§ Exercise objective: For this exercise, print the listing below exactly, without its pictures.

§ Provided records:
━━━━━━━━━━━━━━━━━━━━━━━━━━━━━━

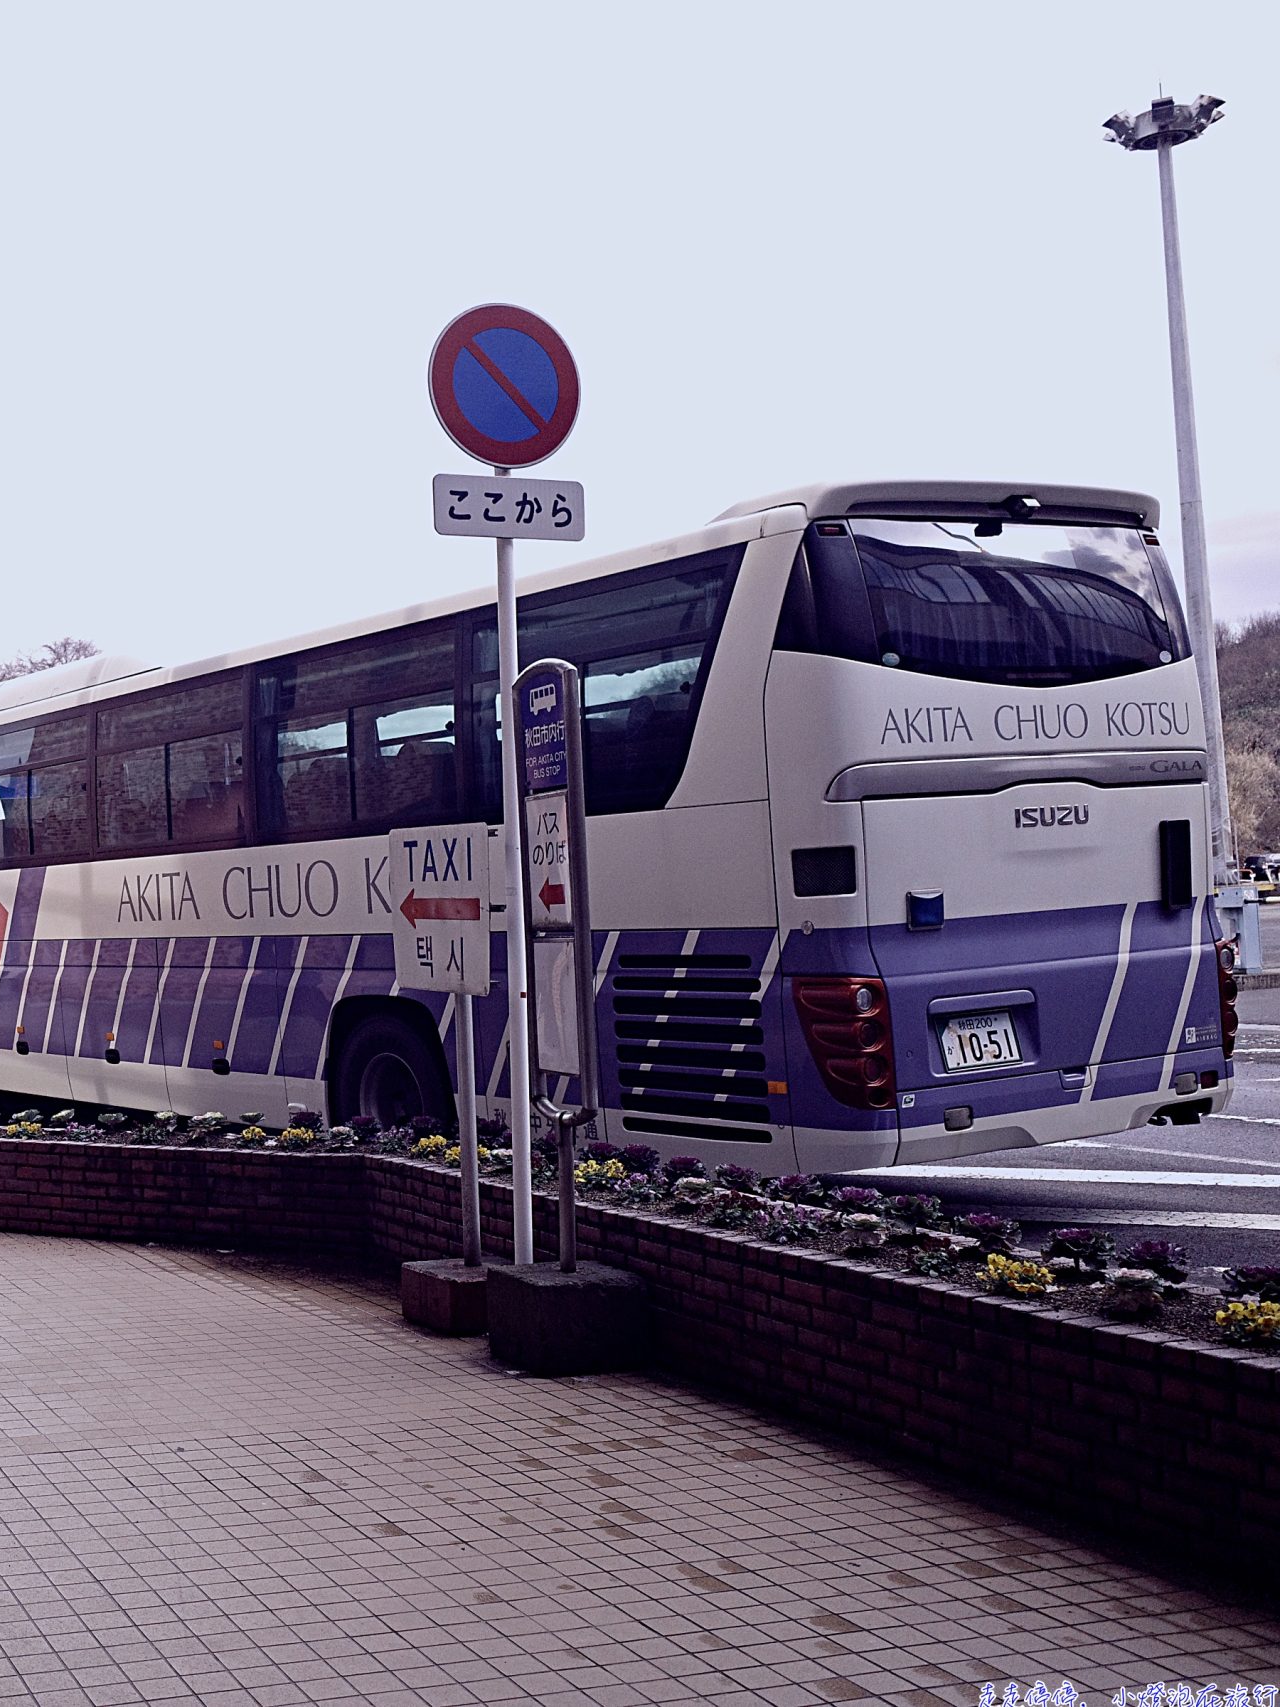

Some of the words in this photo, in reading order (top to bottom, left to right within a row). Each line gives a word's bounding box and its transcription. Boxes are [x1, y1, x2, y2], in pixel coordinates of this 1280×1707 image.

[448, 490, 573, 528] ここから
[524, 720, 566, 749] 秋田市内行
[881, 706, 974, 745] AKITA
[994, 703, 1089, 741] CHUO
[1105, 702, 1190, 737] KOTSU
[525, 756, 538, 768] FOR
[538, 753, 554, 766] AKITA
[533, 767, 545, 779] BUS
[545, 765, 561, 777] STOP
[1150, 759, 1203, 773] GALA
[536, 812, 560, 836] バス
[1014, 804, 1090, 828] ISUZU
[403, 837, 472, 882] TAXI
[532, 840, 567, 866] のりば
[117, 870, 200, 922] AKITA
[222, 859, 338, 918] CHUO
[364, 856, 392, 915] K

━━━━━━━━━━━━━━━━━━━━━━━━━━━━━━

§ Response to this task:
Some of the words in this photo, in reading order (top to bottom, left to right within a row). Each line gives a word's bounding box and its transcription. Boxes are [x1, y1, x2, y2], in pixel coordinates of this 1280×1707 image.

[448, 490, 573, 528] ここから
[524, 720, 566, 749] 秋田市内行
[881, 706, 974, 745] AKITA
[994, 703, 1089, 741] CHUO
[1105, 702, 1190, 737] KOTSU
[525, 756, 538, 768] FOR
[538, 753, 554, 766] AKITA
[533, 767, 545, 779] BUS
[545, 765, 561, 777] STOP
[1150, 759, 1203, 773] GALA
[536, 812, 560, 836] バス
[1014, 804, 1090, 828] ISUZU
[403, 837, 472, 882] TAXI
[532, 840, 567, 866] のりば
[117, 870, 200, 922] AKITA
[222, 859, 338, 918] CHUO
[364, 856, 392, 915] K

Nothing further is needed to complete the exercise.